Written by: @0xBenniee
Original title: The Next Stop for Tokens: Does a Project with Cash Flow Really Need to Issue a Token?
Token issuance is no longer the only solution: For teams with clear cash flow, channels, and compliance paths, TGE is not a mandatory option.
Short- to medium-term prices are primarily driven by three factors: liquidity, attention, and token distribution structure.
The long-term value of a token depends on value capture; how value is captured is crucial to the token's long-term value.
The next stop for tokens may be the "machine economy": Payments between Agents and native protocols like x402, promoting pay-per-call and profit-sharing based on contributions.
This article is inspired by @DrPayFi (Co-founder of Huma.Finance)'s response to the author's question:
Q:
Over the past year, Huma has built a complete Payfi infrastructure network. However, tokens in the ecosystem often limit project development. For example, issued tokens are essentially liabilities and place retail investors as counterparties. Not all stakeholders can benefit, and the team must invest significant effort in market cap management or token distribution.
Of course, during TGE, no early participants were disadvantaged, which seems out of place in a market where "no one looks at the long term."

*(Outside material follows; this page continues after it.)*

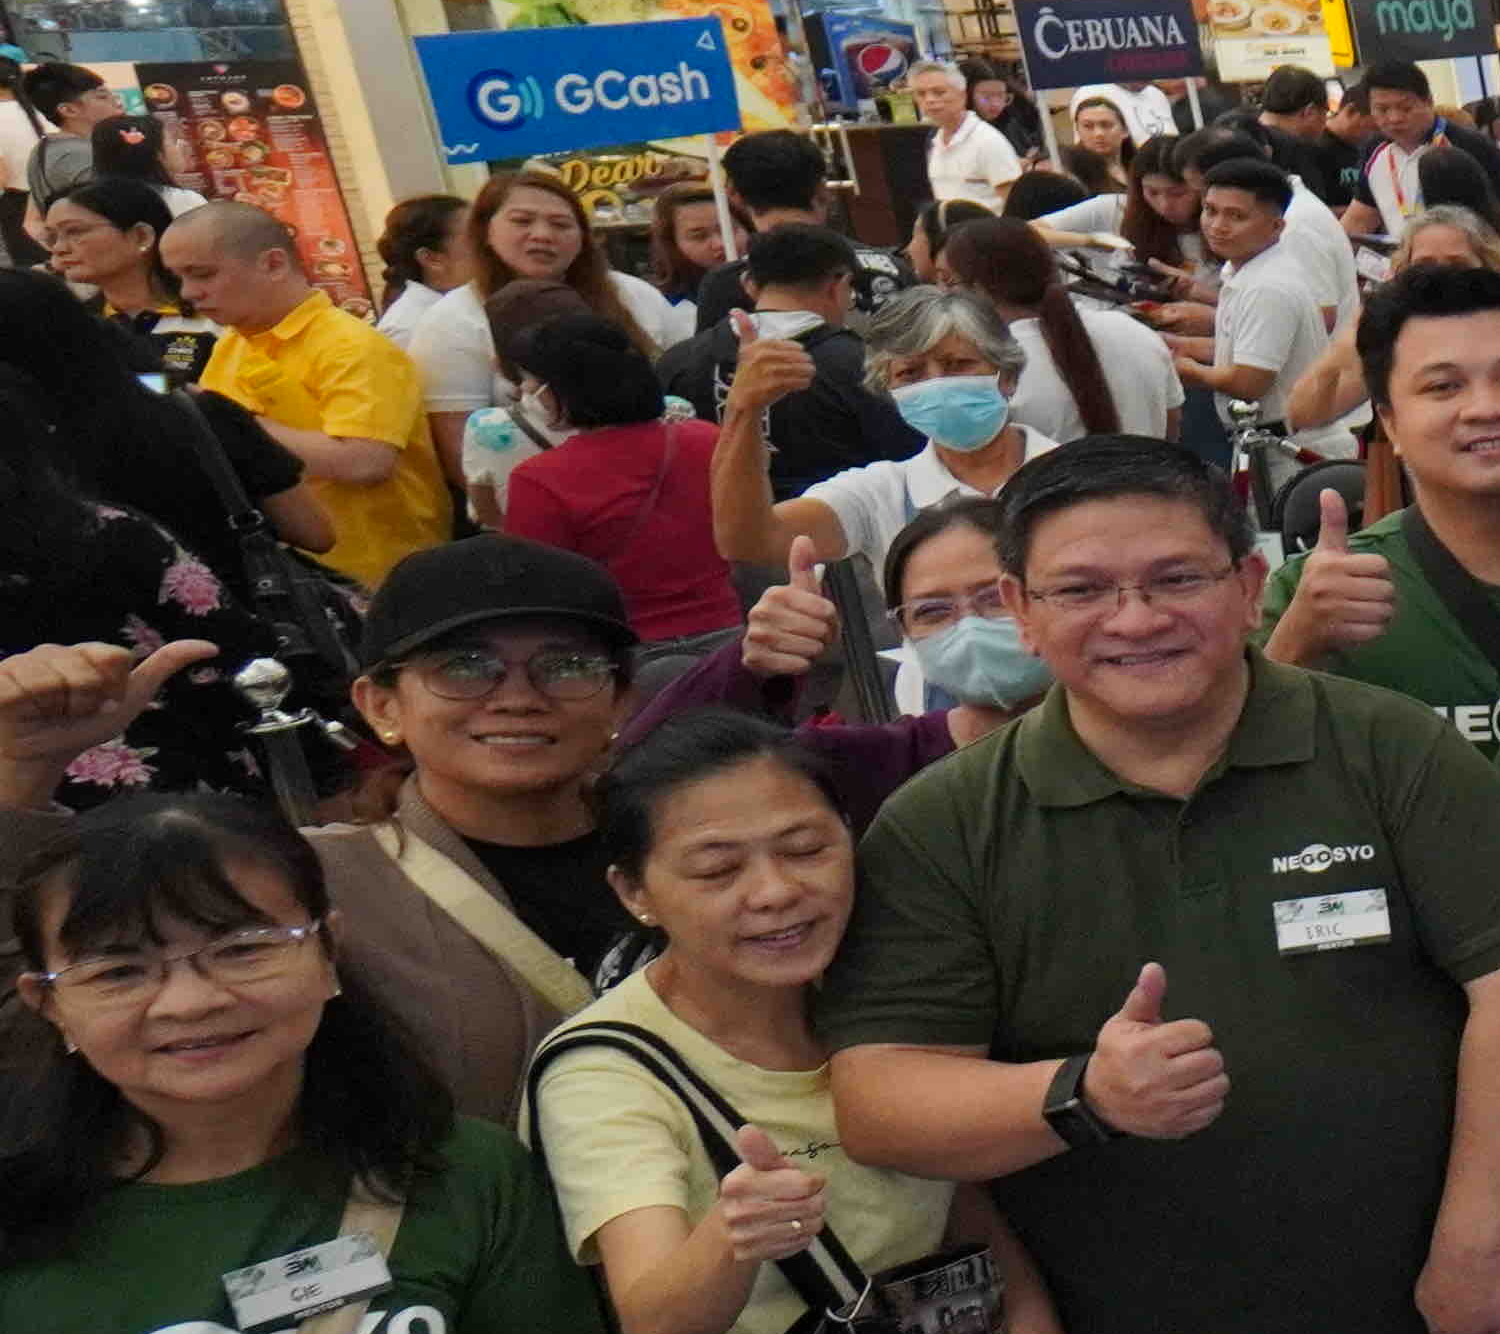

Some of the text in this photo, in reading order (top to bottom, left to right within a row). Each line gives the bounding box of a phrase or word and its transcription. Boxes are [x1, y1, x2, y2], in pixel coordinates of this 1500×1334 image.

[1034, 6, 1188, 60] CEBUANA
[554, 61, 711, 115] GCash
[1272, 844, 1375, 873] NEGOSYO

Detailed reply as follows:
First, TGE is a harvesting sickle for some projects with no substance, but for long-term projects, it may be an "accelerator"
This was a recurring topic at Consensus: For the vast majority of projects with stable cash flow, token issuance may not be the more profitable choice, and often the disadvantages outweigh the benefits.
Once TGE begins, the team must not only focus on product development and growth but also manage additional external variables such as price expectation management, liquidity structure and market-making arrangements, complex communications with exchanges, and market sentiment fluctuations. These uncertainties continuously consume organizational attention and may even affect product节奏 and strategic decisions.
- What is an "accelerator"?
In the Payfi network, compared to traditional Fintech growth paths that rely more on licenses, channels, and regional networks, scaling liquidity and quickly converting it into TAL (Total Active Liquidity) that can be genuinely used typically requires more time.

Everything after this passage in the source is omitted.